A new whistleblower complaint reported by Politico alleges the Trump administration flouts environmental law by fast-tracking permits on public land.
The whistleblower, Dan Patterson, is an environmental protection specialist in the Western region of the Bureau of Land Management. Patterson filed the complaint after being placed on unpaid leave after raising questions about the district's conduct involving a planned lithium mining operation on federal land where an endangered type of buckwheat grows.
In another case, a group of influential families was able to build private cabins on BLM land by saying they were running an active gold mine.

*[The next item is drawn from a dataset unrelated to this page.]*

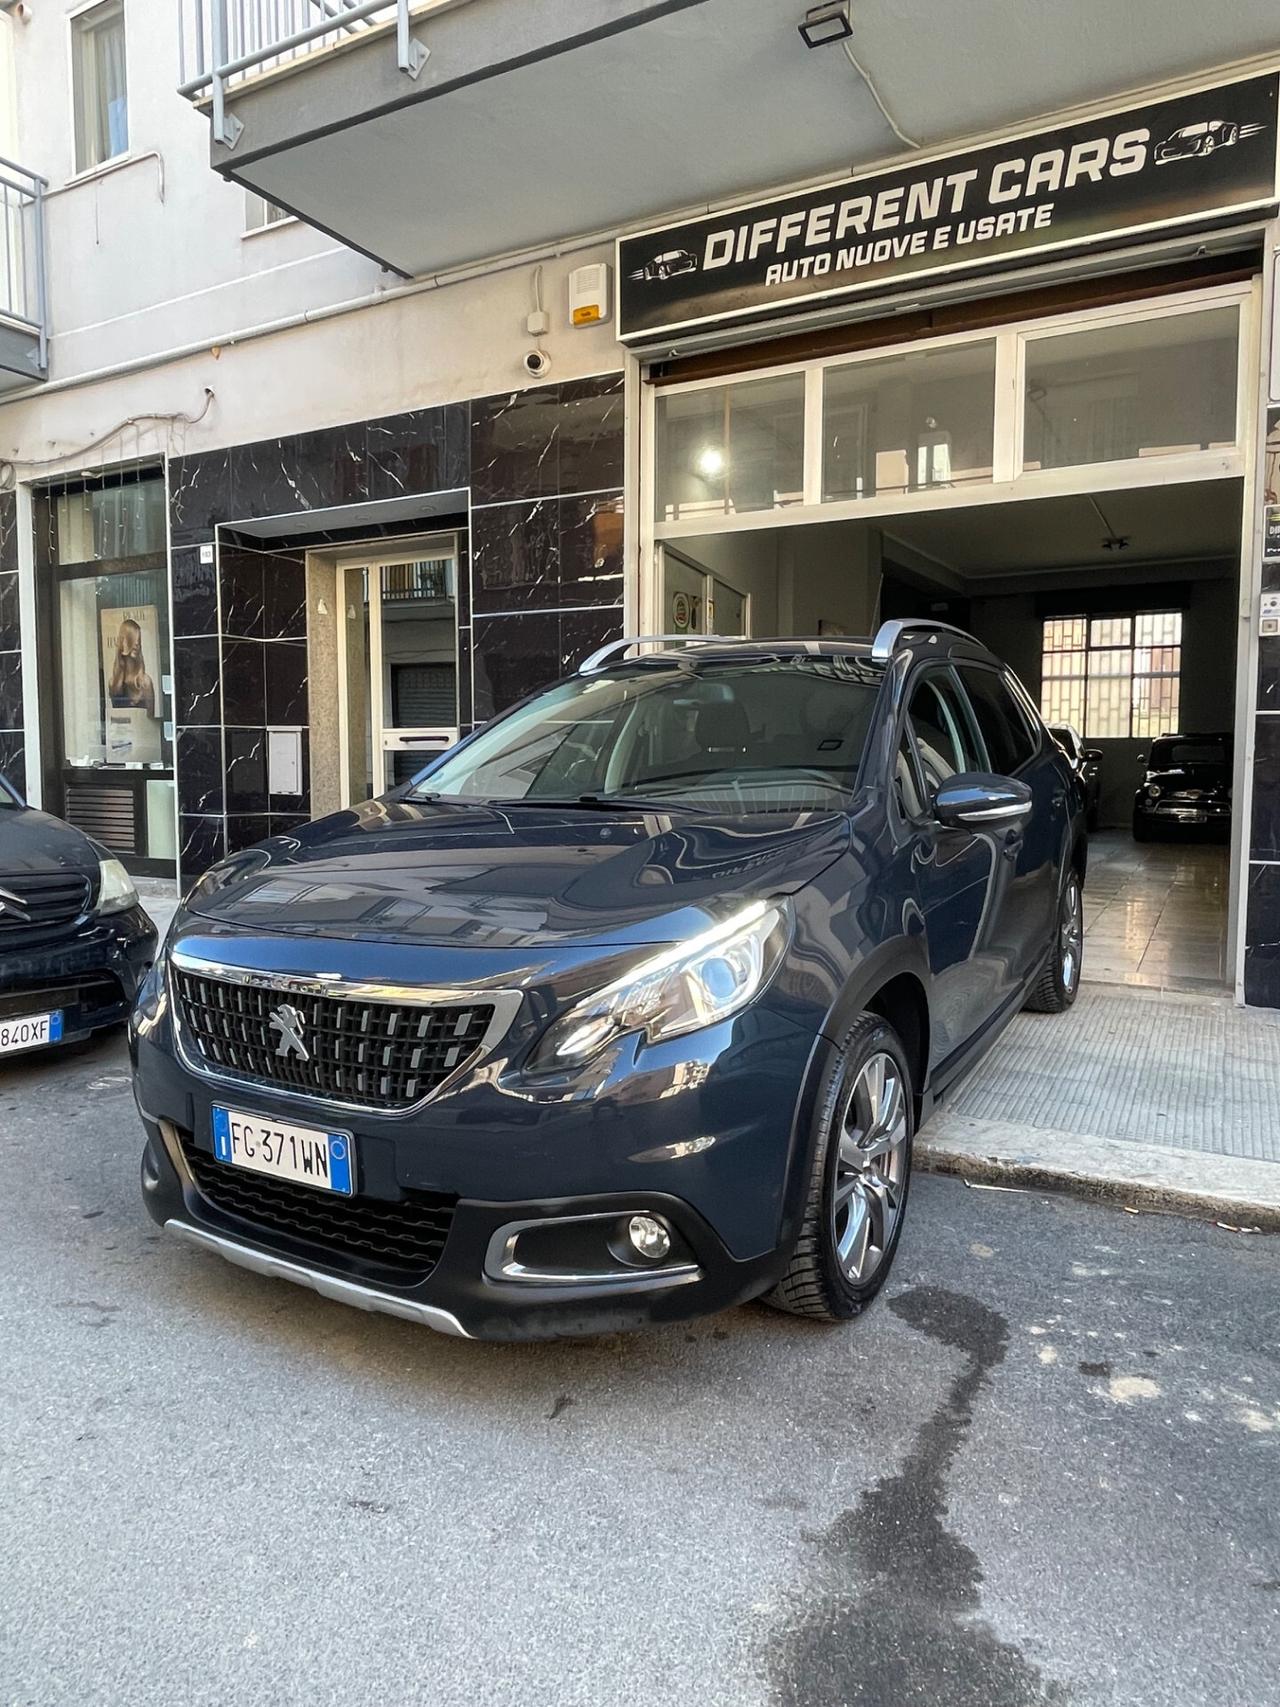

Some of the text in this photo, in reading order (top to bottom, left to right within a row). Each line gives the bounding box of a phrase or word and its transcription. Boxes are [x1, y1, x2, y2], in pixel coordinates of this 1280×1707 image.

According to Politico, the Department of the Interior's inspector general is looking into the allegations, and BLM officials responded they "stand ready to assist and provide information to the Office of the Special Counsel or the DOI Office of the Inspector General if asked."
However, until the probe is finished, BLM said it cannot "comment on the truth or accuracy of the whistleblower complaint's allegations, or of Politico's characterization of such allegations."
A 2017 executive order by President Donald Trump allowed for fast-tracking of minerals such as lithium deemed critical to the national interest. According to the complaint, that order was used by Ioneer, one of the world's largest lithium-producing companies in the world to fast-track a project that environmentalists feared would endanger a rare form a buckwheat.
A subsequent lawsuit has since put the project on hold.